Foram examinadas as políticas de conservação da Mata Atlântica e extraídas lições com vistas ao aprimoramento e elaboração de novas políticas de conservação para a Amazônia, com o objetivo de ajudar a conservar as florestas brasileiras. As lições trazem insights valiosos que fomentam a revisão e o fortalecimento das políticas que nortearão um novo ciclo de conservação na Mata Atlântica. Também foi realizada uma análise comparativa da cobertura florestal das bacias da Amazônia e da Mata Atlântica. A urgência climática exige que a cobertura florestal da Floresta Amazônica seja mantida acima do ponto de colapso, porém investigamos se algumas regiões do bioma já alcançaram os mesmos níveis críticos da Mata Atlântica.
Foi usada a coleção 6.0 do MapBiomas (Souza et al., 2020) para estimar a cobertura florestal de cada bacia da Amazônia, e monitoradas as bacias hidrográficas classificadas como nível 5 pela Agência Nacional de Águas (ANA). Foram separados quatro grupos de acordo com a cobertura florestal de cada um, com ênfase especial para as áreas com cobertura florestal de 30% (limite mínimo) e de 80%. Os limites foram estabelecidos para fins de comparação, sendo que o mais baixo é considerado o mínimo para habitats de floresta na Mata Atlântica (Banks-Leite et al., 2014) e o mais alto é considerado o limite de risco mais conservador para a bacia Amazônica (Nobre et al., 2016).
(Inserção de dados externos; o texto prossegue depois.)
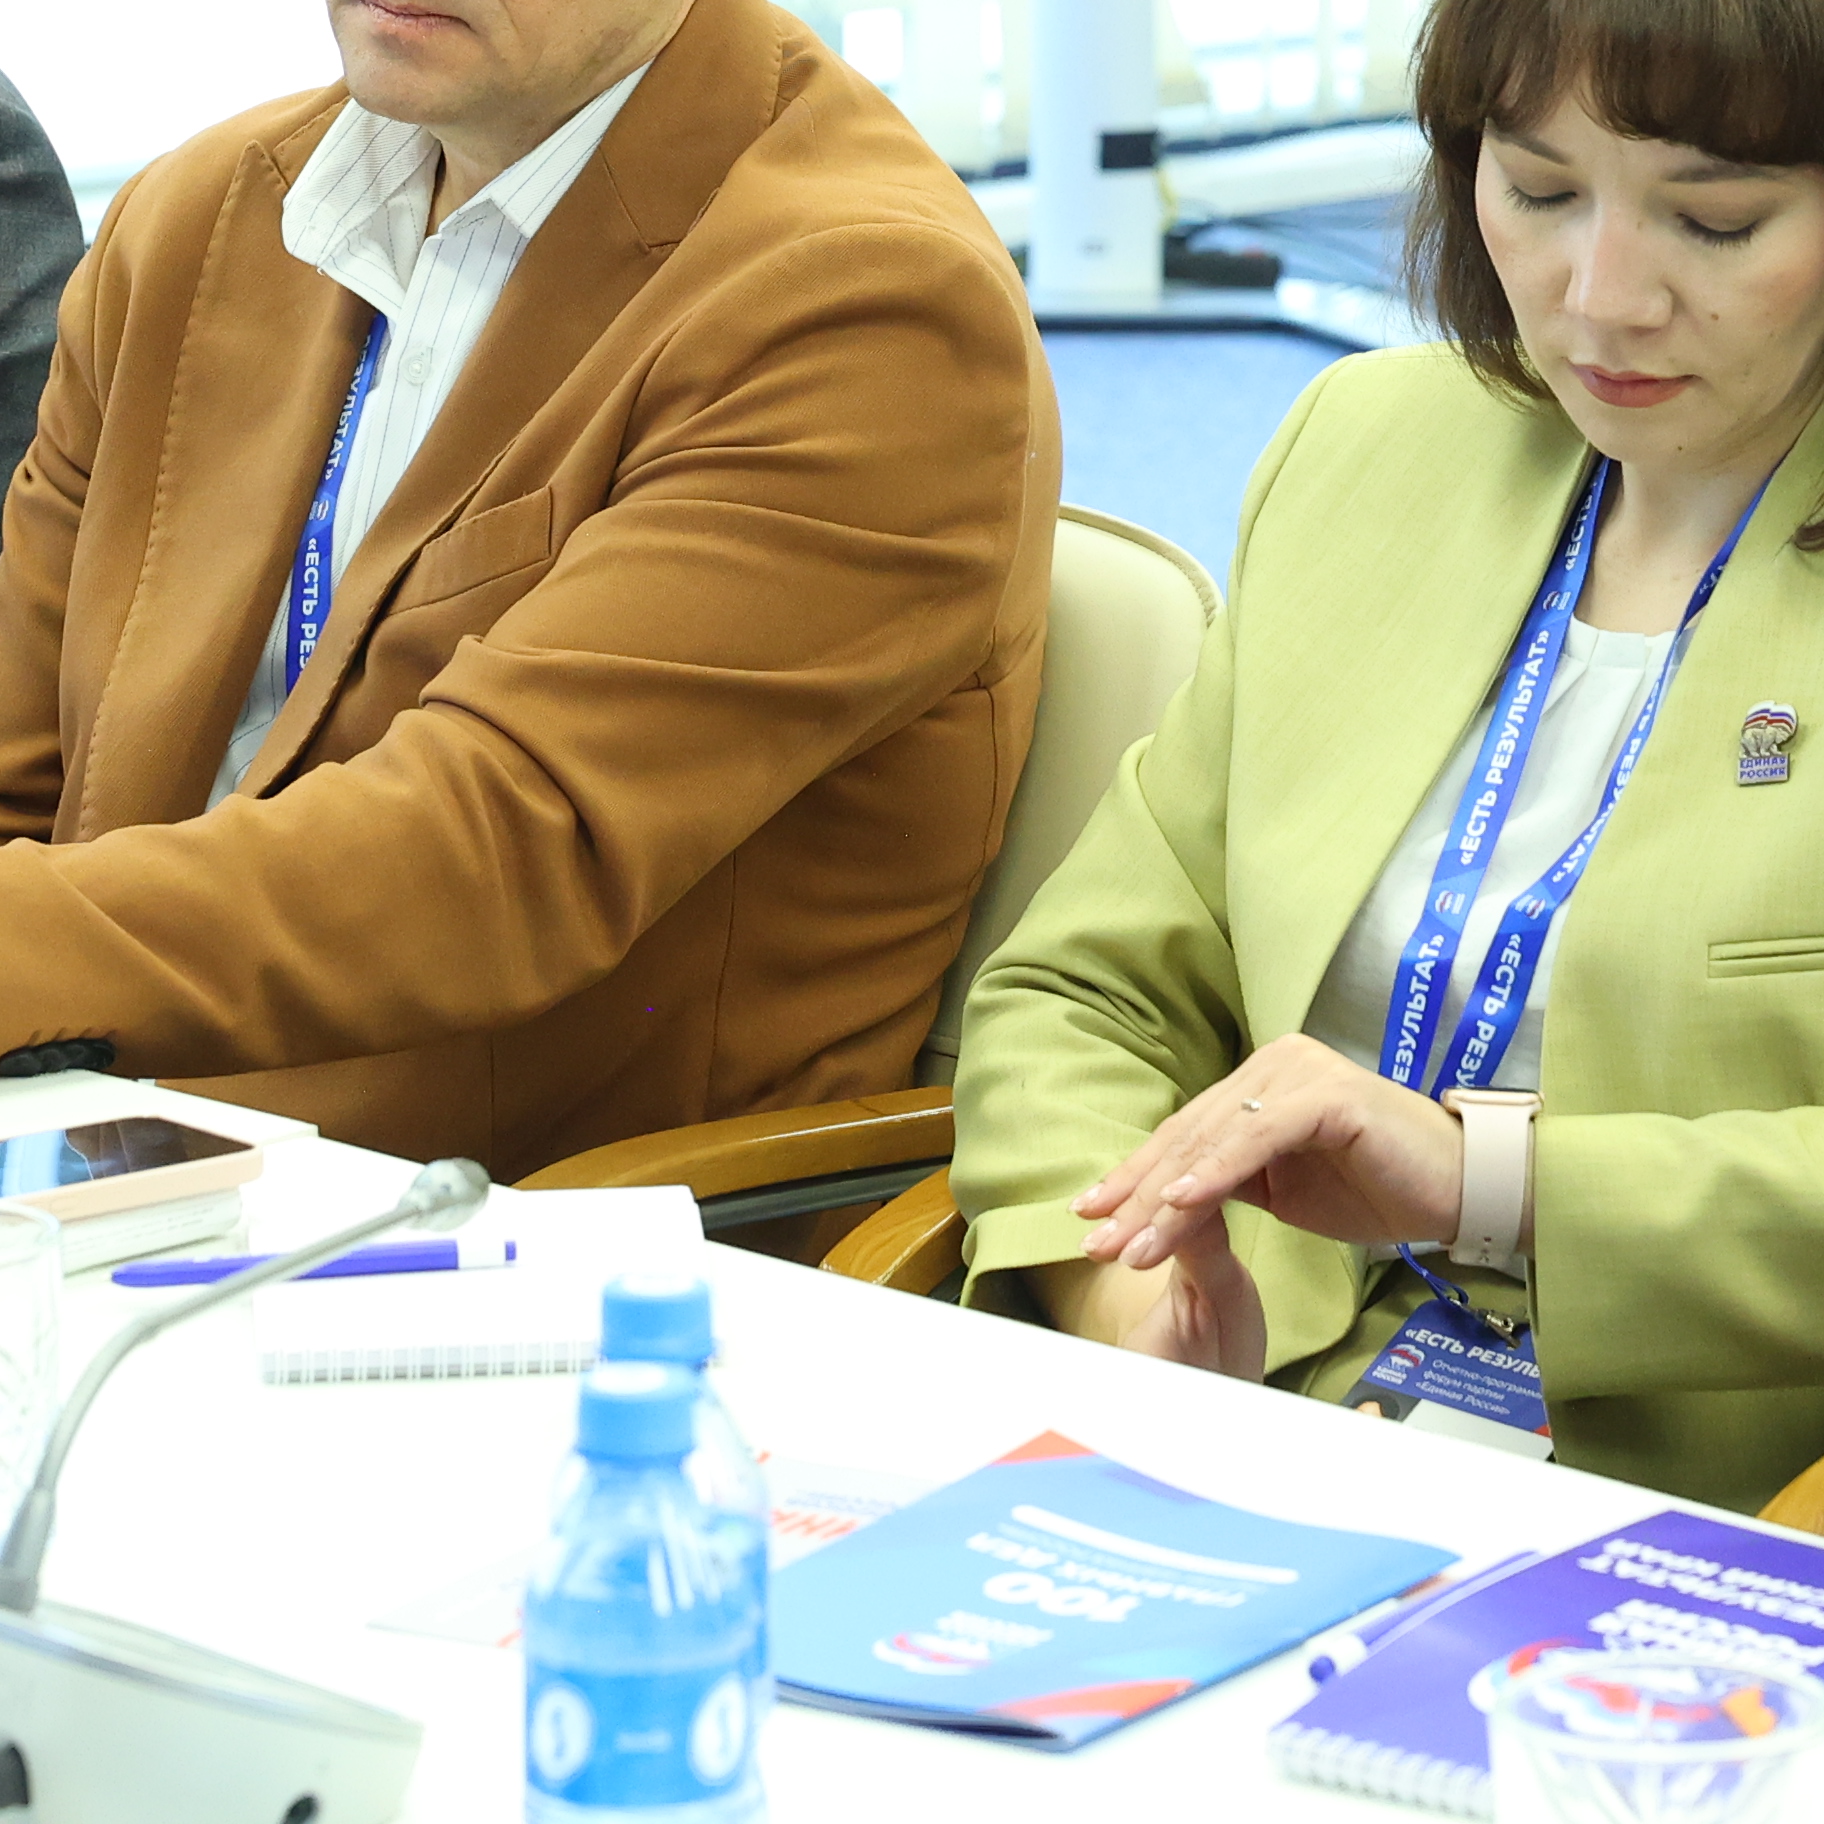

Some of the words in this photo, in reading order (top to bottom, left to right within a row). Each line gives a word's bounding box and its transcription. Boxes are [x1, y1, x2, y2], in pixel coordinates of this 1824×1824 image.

[301, 537, 319, 616] «ЕСТЬ
[1458, 787, 1497, 867] «ЕСТЬ
[1485, 629, 1550, 787] РЕЗУЛЬТАТ»
[1739, 757, 1787, 771] ЕДИНАЯ
[1391, 933, 1445, 1084] ЕЗУЛЬТАТ»
[1482, 933, 1523, 1016] «ЕСТЬ
[1405, 1328, 1465, 1356] «ЕСТЬ
[1466, 1345, 1542, 1379] РЕЗУЛЬ
[982, 1571, 1142, 1623] 100
Descobrimos que, em 7,2% das bacias hidrográficas (514), ou 4,1% da área total do bioma, menos de 30% da cobertura vegetal original permanece intacta; e outros 5% (357), ou 3,7% da área total, já estão perto deste limite mínimo. As áreas com cobertura florestal abaixo deste limiar estão no Maranhão, sul do Pará, norte de Mato Grosso e em Rondônia, região conhecida como o “arco do desmatamento” (Figura 1). Surpreendentemente, esses números são muito parecidos com os de regiões da Mata Atlântica que há séculos sofrem forte ação antropogênica (Marques e Grelle, 2021). Além disso, 34% das bacias hidrográficas (2.398) da Amazônia têm menos de 80% da sua cobertura florestal original e estão se movendo na direção do limiar global do bioma. Além dos impactos globais que isso gera, também há impactos locais relacionados aos serviços ecossistêmicos. Isso já é sentido em regiões da Mata Atlântica com baixa cobertura florestal, onde existem problemas de abastecimento de água e um aumento do risco de um apagão (Getirana et al., 2021). O desmatamento também causa a perda de habitat e aumenta o número de espécies ameaçadas na Mata Atlântica (Marques e Grelle, 2021). As regiões do arco do desmatamento, como a região sudeste do Pará, já estão sofrendo mudanças no padrão de chuvas e períodos de seca, o que compromete os serviços relacionados ao sequestro de carbono. (Gatti et al., 2021, Leite-Filho et al., 2019).
Lições de governança
A Amazônia recebeu uma das iniciativas de maior sucesso para controlar a perda florestal nos trópicos, o que levou a uma redução de 80% nos níveis de desmatamento entre 2004 e 2012. Isso foi fruto de um plano integrado de políticas públicas federais – o PPCDAm, ou Plano de Ação para Prevenção e Controle do Desmatamento na Amazônia Legal, além de ferramentas comerciais para controlar a expansão das commodities (Soares-Filho e Rajão, 2018). O plano foi abandonado pelas administrações federais anteriores, sendo que a atual administração têm enfraquecido as políticas ambientais e, como consequência, os níveis de desmatamento têm aumentado em ambos os biomas (MapBiomas, 2021). Porém, além de reativar os princípios do PPCDAm, também podemos aprender lições importantes sobre as políticas de governança que deram certo e assim construirmos um caminho que possibilite a conservação de longo prazo da Amazônia.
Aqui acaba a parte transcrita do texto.